Rosche, il motorista che fece arrabbiare Ferrari
Mi dice l’amico Quattropalle che forse dovrei spendere qualche riga in memoria di Paul Rosche, il mitico ingegnere della Bmw appena congedatosi da questa terra. E a uno come 4P non posso dire di no, a maggior ragione a pochi giorni dal disastro nerazzurro nel derby, va mo là.
Mi piacerebbe averlo conosciuto, invece l’ho visto giusto qualche volta da lontano. Io ero un giovanissimo cronista alle prime armi. Lui aveva progettato e realizzato quel turbo che nel 1983 permise alla Brabham di Piquet la conquista del mondiale.

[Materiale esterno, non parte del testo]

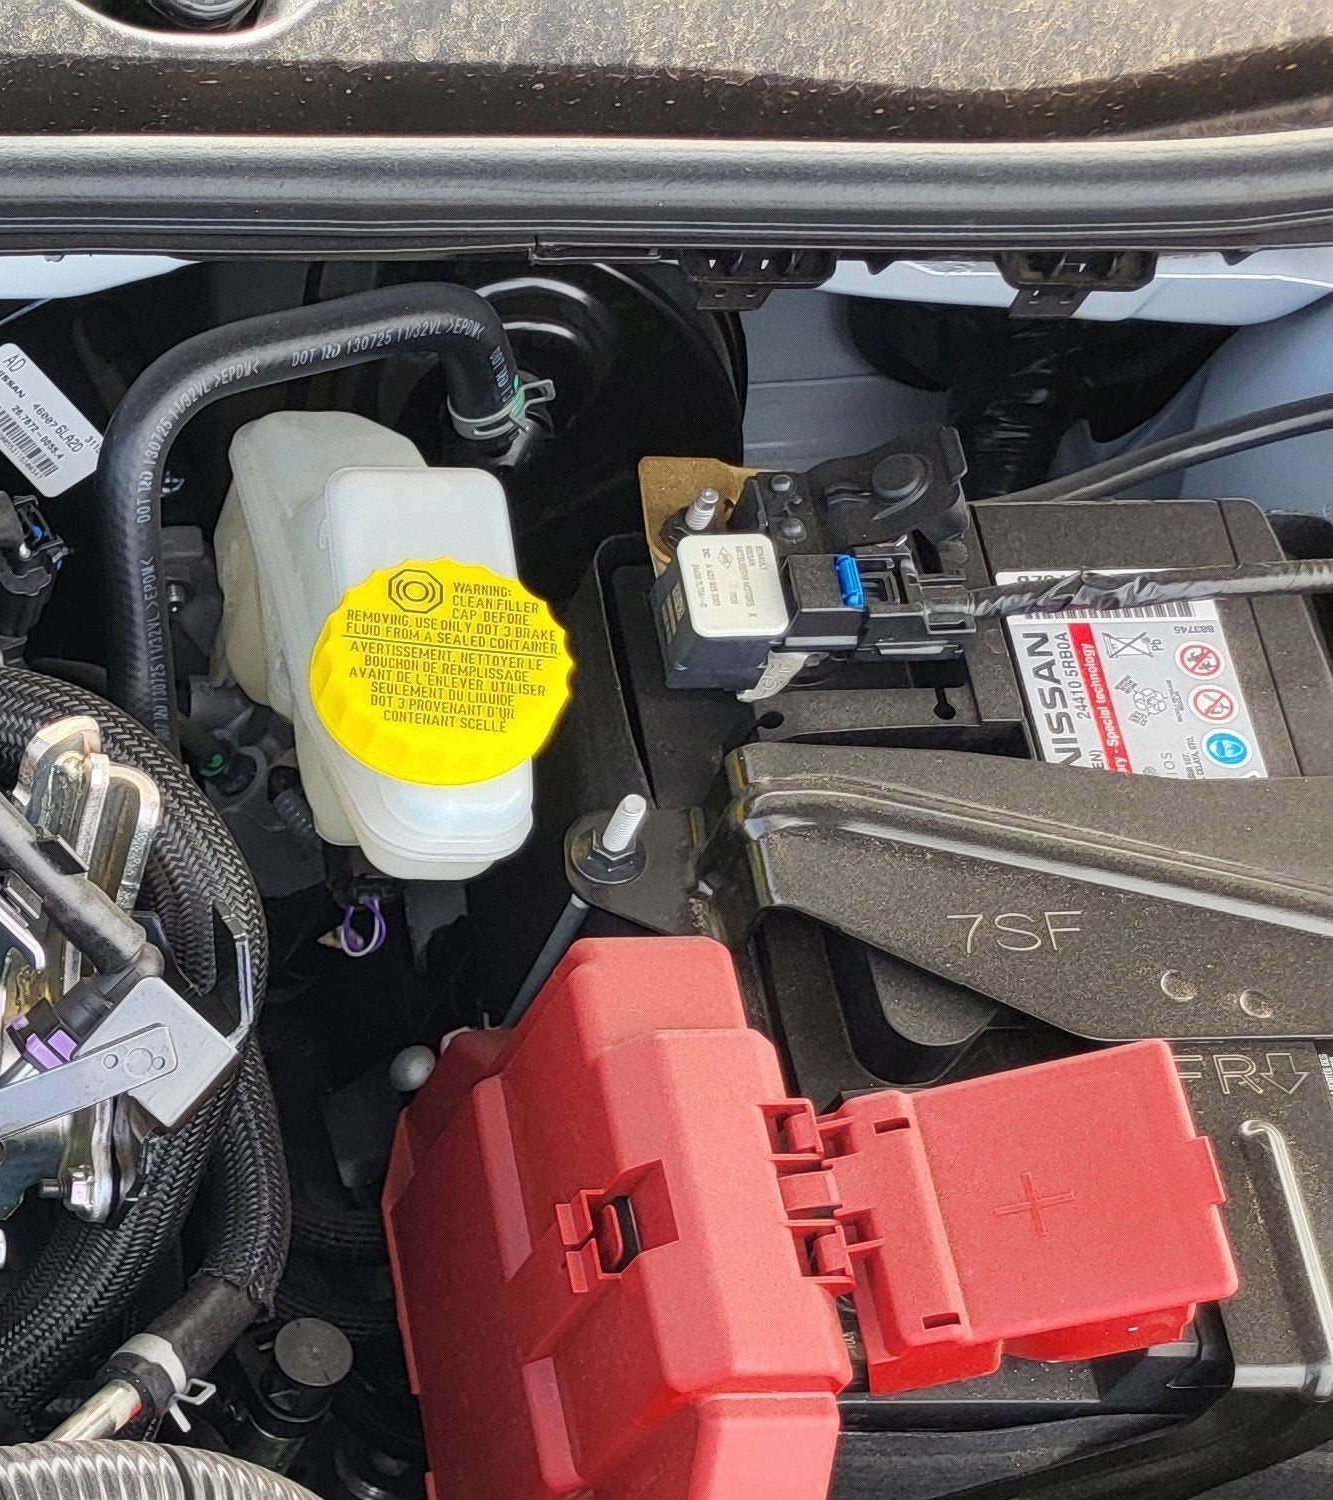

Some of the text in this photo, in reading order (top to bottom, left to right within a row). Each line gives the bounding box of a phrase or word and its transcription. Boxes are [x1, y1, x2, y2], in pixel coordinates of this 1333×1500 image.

[292, 349, 314, 367] DOT
[346, 329, 392, 354] 130725
[3, 354, 27, 372] AD
[33, 403, 59, 427] 46007
[143, 418, 173, 465] 130725
[136, 498, 152, 524] DOT
[453, 581, 512, 597] WARNING:
[452, 594, 539, 614] CLEAN FILLER
[416, 616, 438, 630] USE
[441, 618, 473, 634] ONLY
[476, 622, 500, 636] DOT
[503, 625, 512, 638] 3
[515, 626, 556, 642] BRAKE
[452, 608, 530, 627] CAP BEFORE
[346, 622, 561, 656] FLUID FROM A SEALED CONTAINER.
[1151, 639, 1165, 652] Pb
[364, 655, 529, 682] BOUCHON DE REMPLISSAGE
[461, 652, 524, 669] NETTOYER
[528, 659, 543, 671] LE
[1081, 643, 1109, 706] technology
[349, 666, 392, 681] AVANT
[396, 671, 412, 683] DE
[491, 679, 546, 697] UTILISER
[371, 682, 515, 707] SEULEMENT DU LIQUIDE
[370, 693, 394, 707] DOT
[397, 697, 405, 709] 3
[409, 698, 483, 716] PROVENANT
[1022, 631, 1084, 766] NISSAN
[1069, 680, 1092, 720] 24410
[383, 709, 456, 729] CONTENANT
[1098, 705, 1122, 748] Special
[946, 910, 1082, 954] 7SF

Curiosamente, rammento di aver scambiato qualche parola sul suo conto con Enzo Ferrari. Lui, il Vecchio. Il Drake aveva convocato la rituale conferenza stampa di fine stagione. Il 1983 della Formula Uno era già andato in archivio. Mi viene in mente che Ferrari, pur celebrando il successo nel campionato costruttori (e fu la sua ultima gioia, da lì al 1988 della scomparsa non ebbe più soddisfazioni in pista), fece una osservazione che suonava più o meno così: quel Rosche è bravissimo, ha creato un motore fantastico ma la Brabham Bmw ha vinto perchè mi hanno fregato usando una benzina irregolare!
Credo di aver capito, a distanza di anni, che la lamentela del Vecchio non era campata in aria. Ma già allora le regole, nei Gran Premi, erano pensate per essere aggirate.
Ps. Non ho mai parlato con il dottor Aki Hintsa, il medico della McLaren di Hakkinen, Raikkonen ed Hamilton. Me lo hanno descritto tutti come una gran persona.